[EXERCISE PROMPT]: Copy all the records word for word, apart from any pictures.

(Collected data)
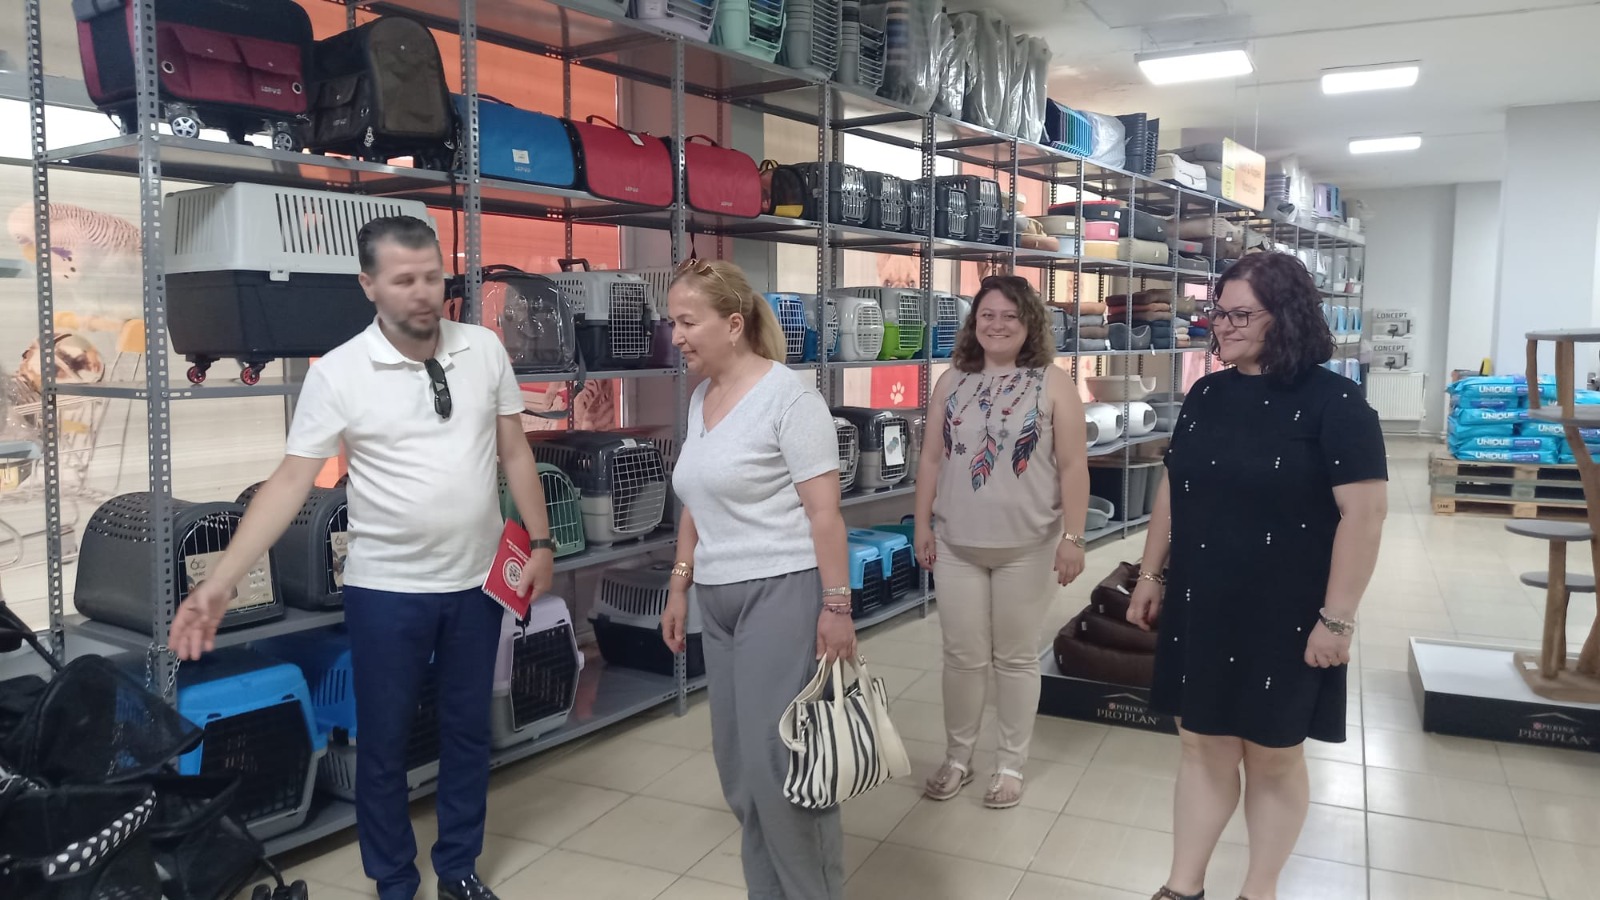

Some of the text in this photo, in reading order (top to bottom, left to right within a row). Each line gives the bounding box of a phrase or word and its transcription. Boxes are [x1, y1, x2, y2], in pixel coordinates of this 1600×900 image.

[1479, 386, 1513, 394] UNIQUE
[1481, 411, 1515, 420] UNIQUE
[1476, 438, 1510, 446] UNIQUE
[1475, 451, 1509, 460] UNIQUE
[1116, 704, 1143, 713] PURINA
[1542, 723, 1575, 733] PURINA
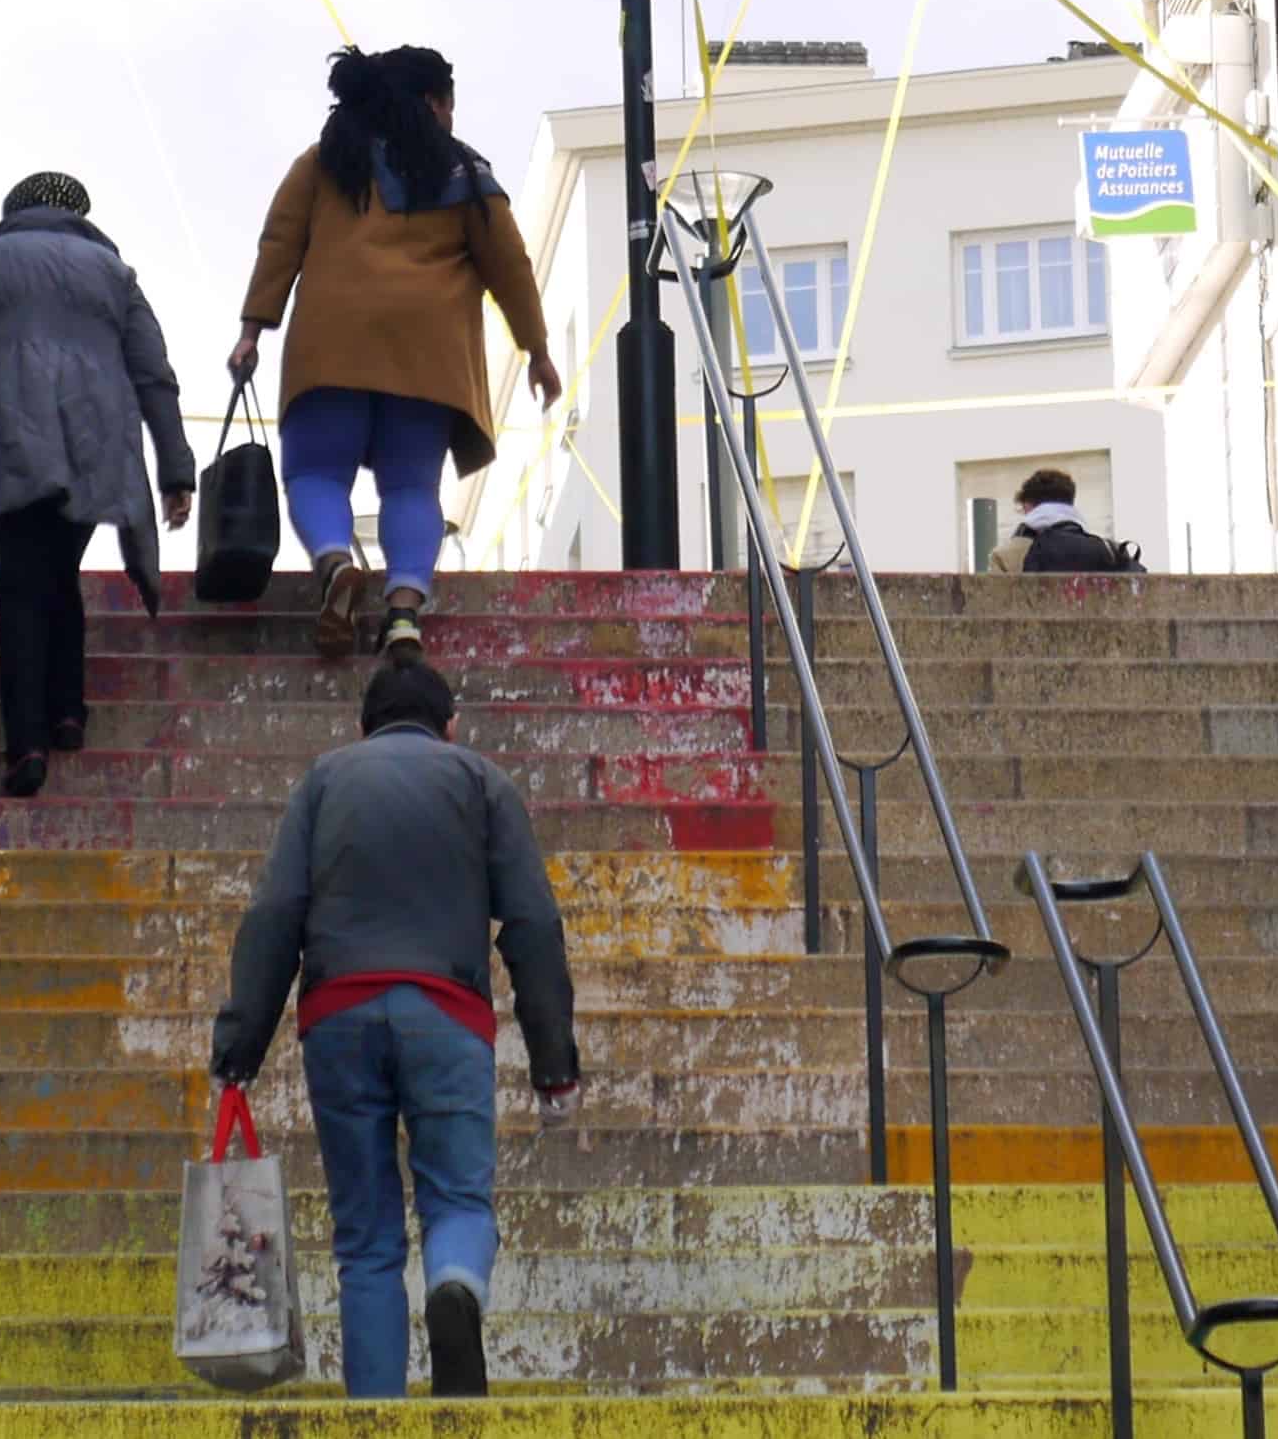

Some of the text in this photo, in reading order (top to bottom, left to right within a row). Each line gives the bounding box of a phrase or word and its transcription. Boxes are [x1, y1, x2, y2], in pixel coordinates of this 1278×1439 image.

[1095, 142, 1164, 160] Mutuelle
[1097, 162, 1177, 178] de Poitiers
[1098, 181, 1184, 196] Assurances
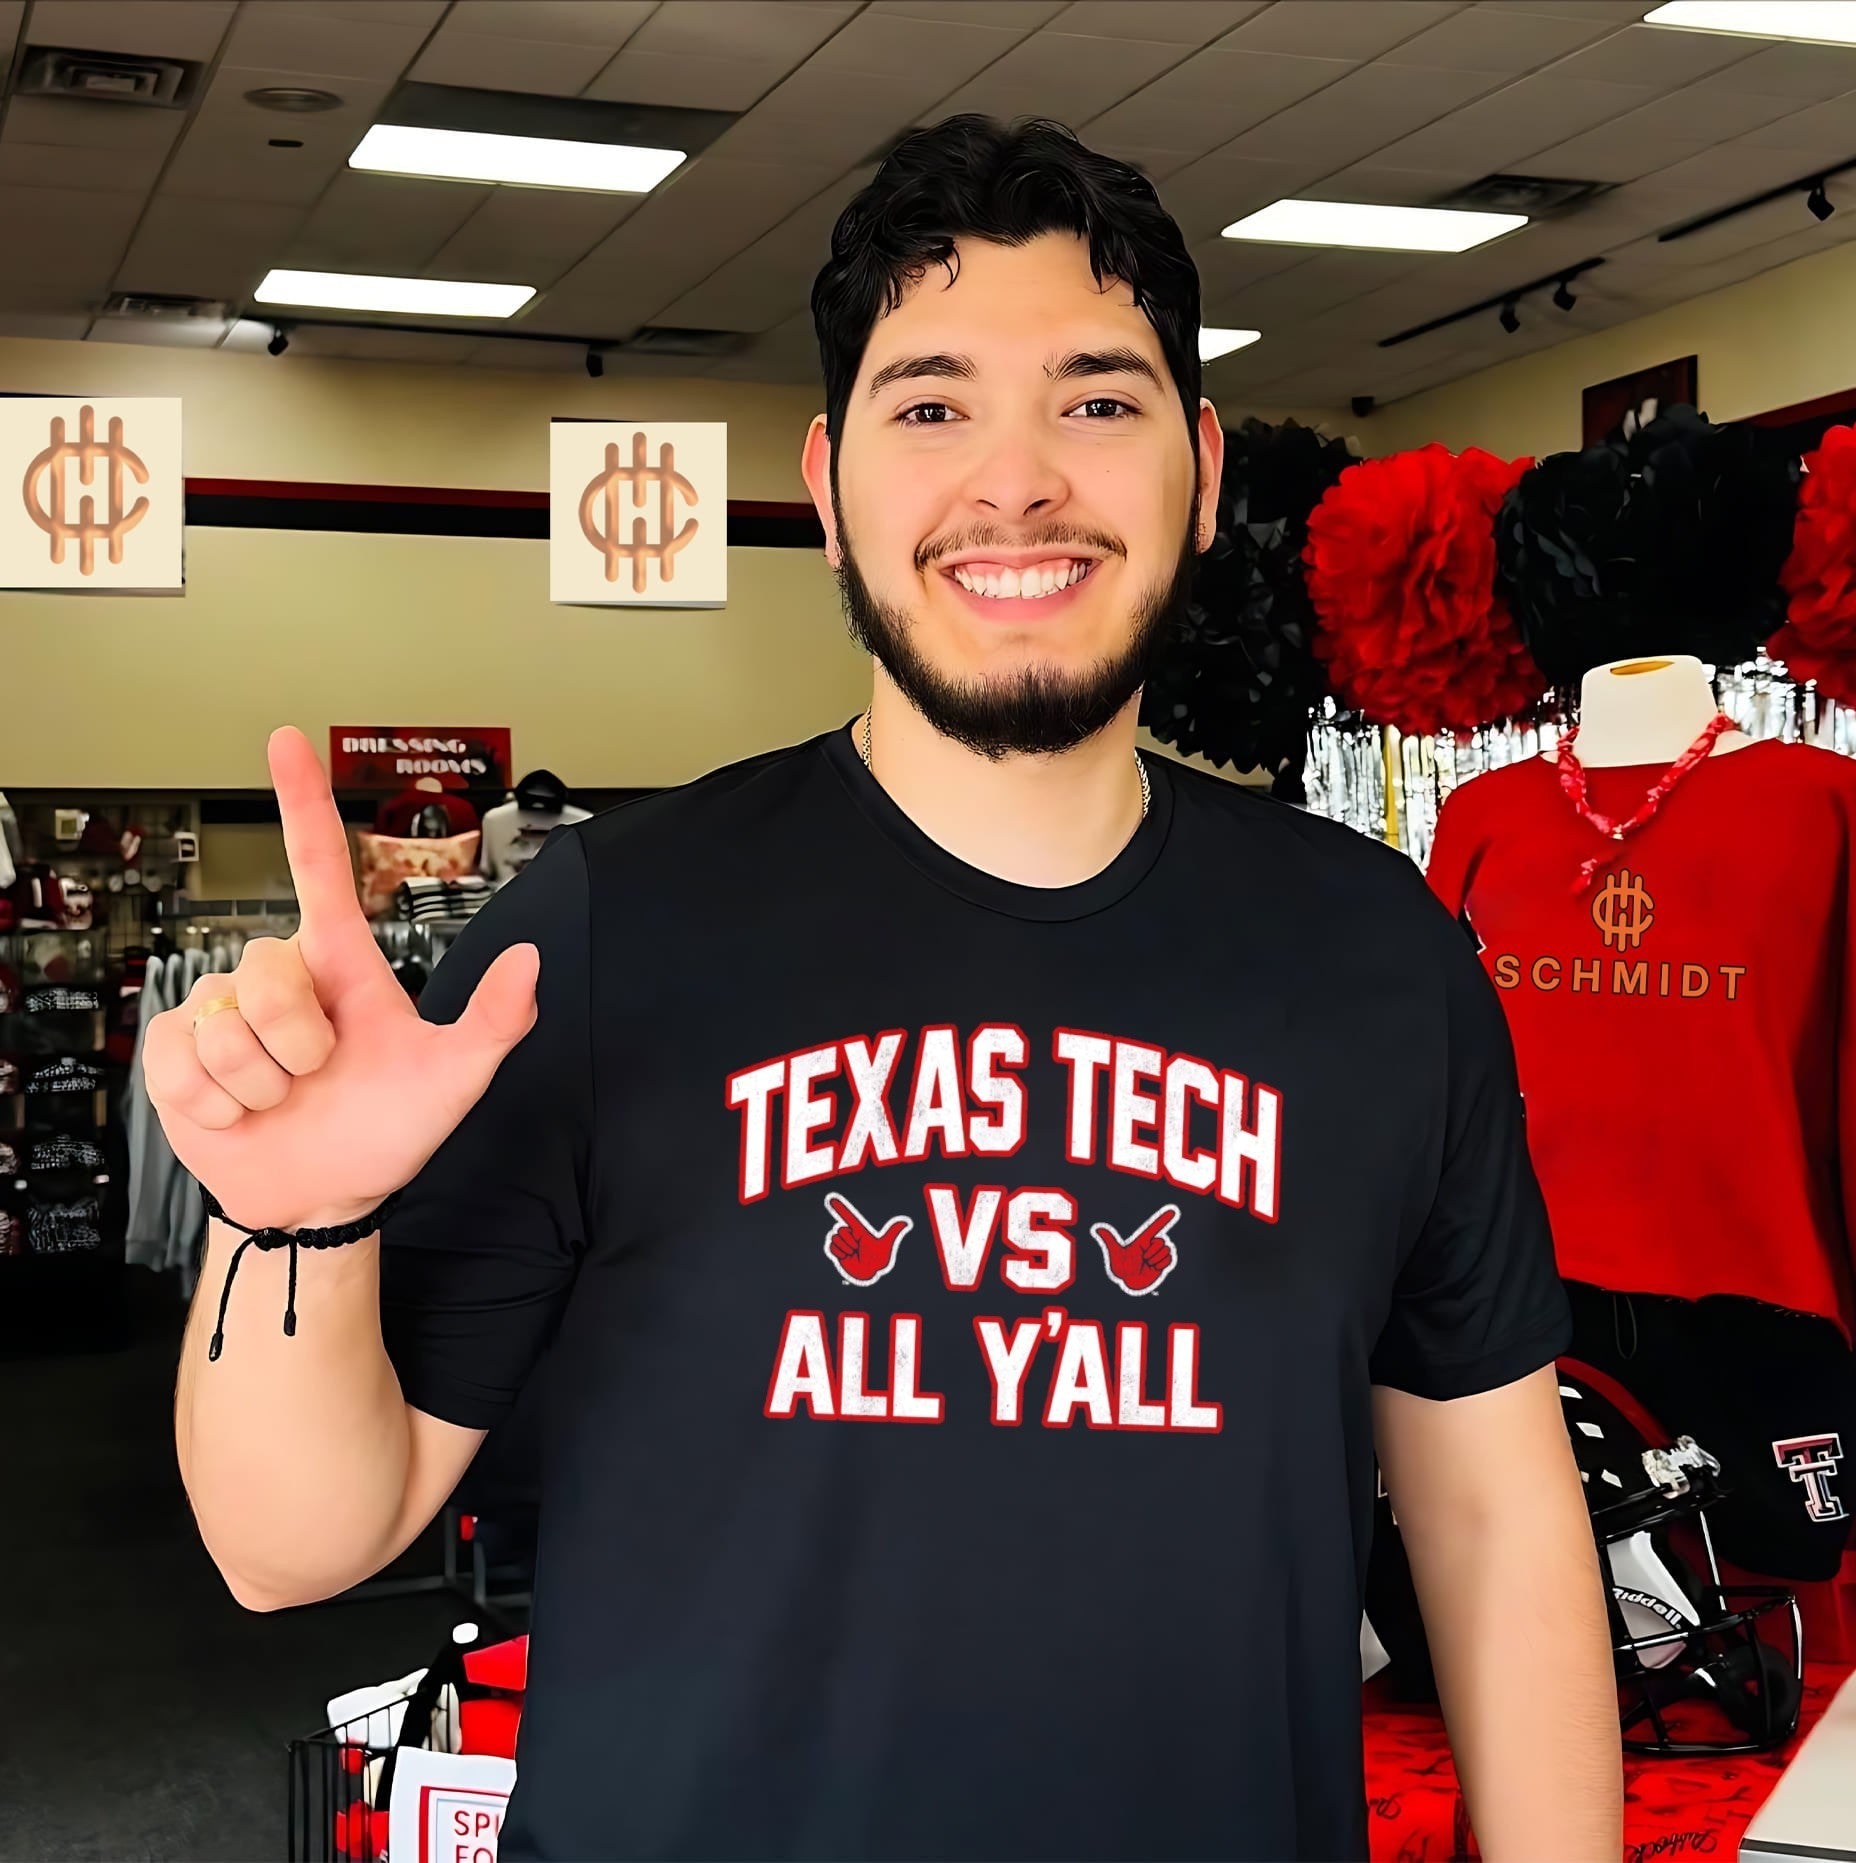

[EXERCISE ANSWER]:
Some of the text in this photo, in reading order (top to bottom, left to right within a row). Each line gives the bounding box of a phrase or word and its transcription. Boxes are [x1, y1, x2, y2], in pixel coordinates of this 1600×900 image.

[1479, 386, 1513, 394] UNIQUE
[1481, 411, 1515, 420] UNIQUE
[1476, 438, 1510, 446] UNIQUE
[1475, 451, 1509, 460] UNIQUE
[1116, 704, 1143, 713] PURINA
[1542, 723, 1575, 733] PURINA

Some of the text in this photo, in reading order (top to bottom, left to right within a row). Each line gives the bounding box of a phrase or word and its transcription. Boxes are [x1, y1, x2, y2], in pixel coordinates of this 1278×1439 image.

[1095, 142, 1164, 160] Mutuelle
[1097, 162, 1177, 178] de Poitiers
[1098, 181, 1184, 196] Assurances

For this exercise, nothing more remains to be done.